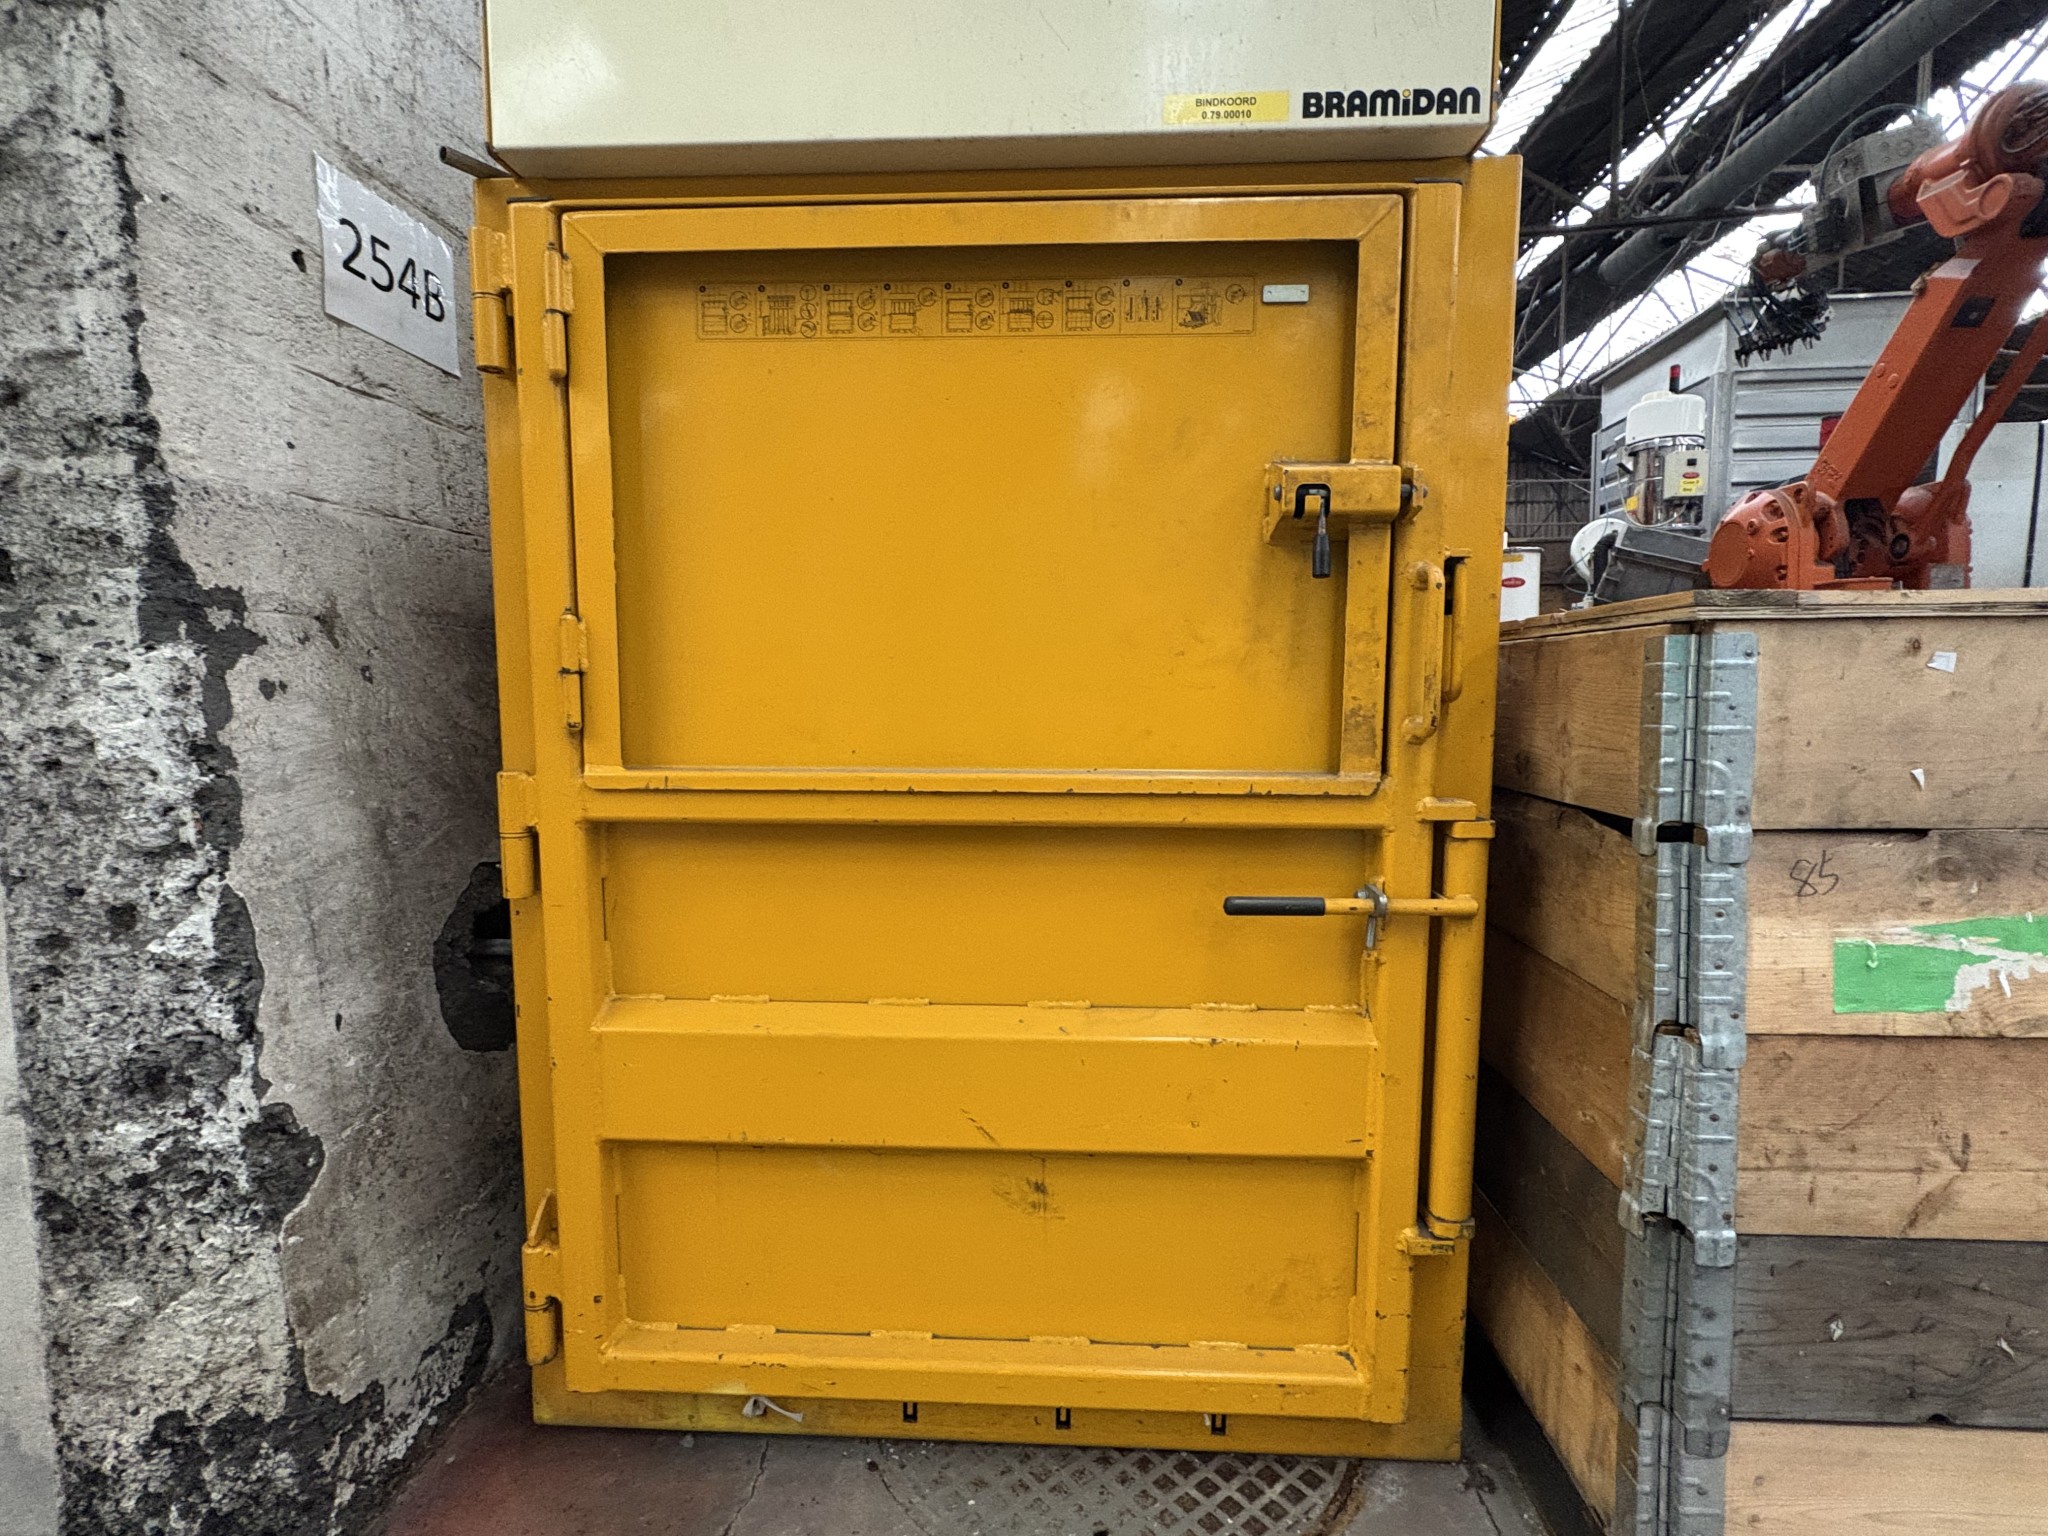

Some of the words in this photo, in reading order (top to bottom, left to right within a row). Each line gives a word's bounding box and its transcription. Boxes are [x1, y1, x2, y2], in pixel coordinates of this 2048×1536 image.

[1195, 96, 1257, 107] BINDKOORD
[1201, 109, 1252, 120] 0.79.00010
[339, 217, 445, 322] 254B
[1790, 849, 1840, 897] 85
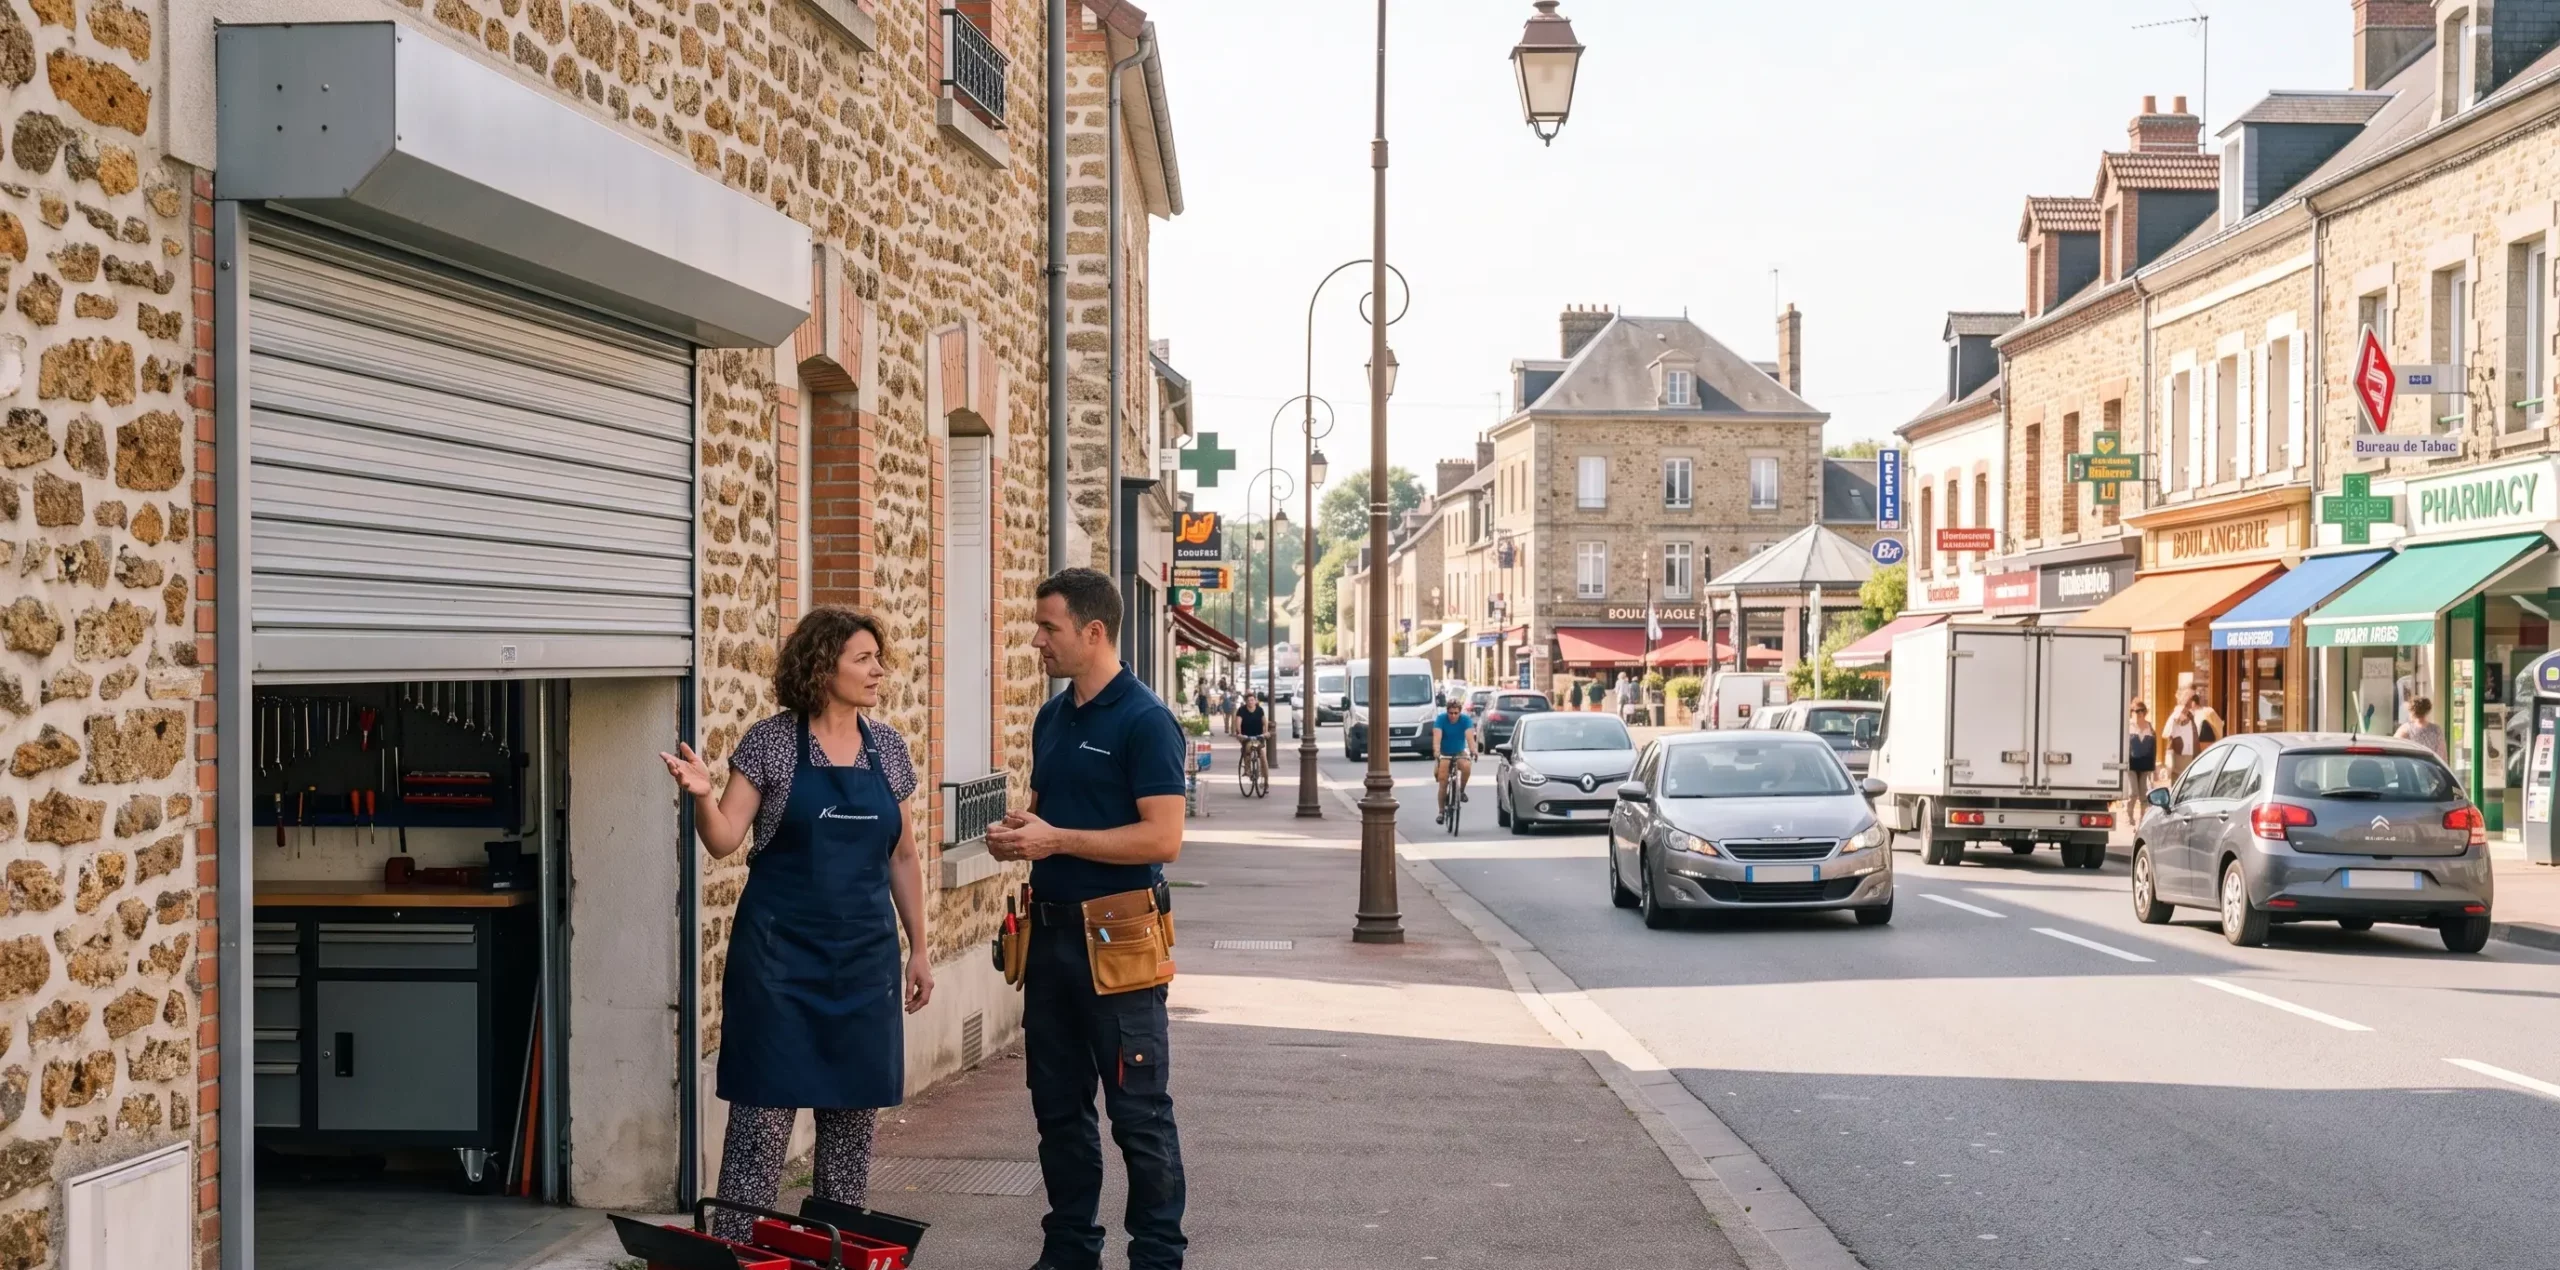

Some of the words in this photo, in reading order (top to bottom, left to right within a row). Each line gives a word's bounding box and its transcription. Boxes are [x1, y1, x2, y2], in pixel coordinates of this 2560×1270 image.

[2356, 440, 2400, 452] Bureau
[2403, 440, 2418, 452] de
[2420, 440, 2457, 452] Tabac
[2420, 472, 2538, 525] PHARMACY
[2172, 518, 2270, 560] BOULANGERIE

TASK OBJECTIVE.
Going through the records above line by line, transcribe each one exactly and skip any pictures.

YOUR RESPONSE.
Some of the words in this photo, in reading order (top to bottom, left to right within a row). Each line gives a word's bounding box and its transcription. Boxes are [x1, y1, x2, y2], in pixel coordinates of this 2048×1536 image.

[1195, 96, 1257, 107] BINDKOORD
[1201, 109, 1252, 120] 0.79.00010
[339, 217, 445, 322] 254B
[1790, 849, 1840, 897] 85

Some of the words in this photo, in reading order (top to bottom, left to right within a row). Each line gives a word's bounding box and its transcription. Boxes are [x1, y1, x2, y2], in pixel coordinates of this 2560×1270 image.

[2356, 440, 2400, 452] Bureau
[2403, 440, 2418, 452] de
[2420, 440, 2457, 452] Tabac
[2420, 472, 2538, 525] PHARMACY
[2172, 518, 2270, 560] BOULANGERIE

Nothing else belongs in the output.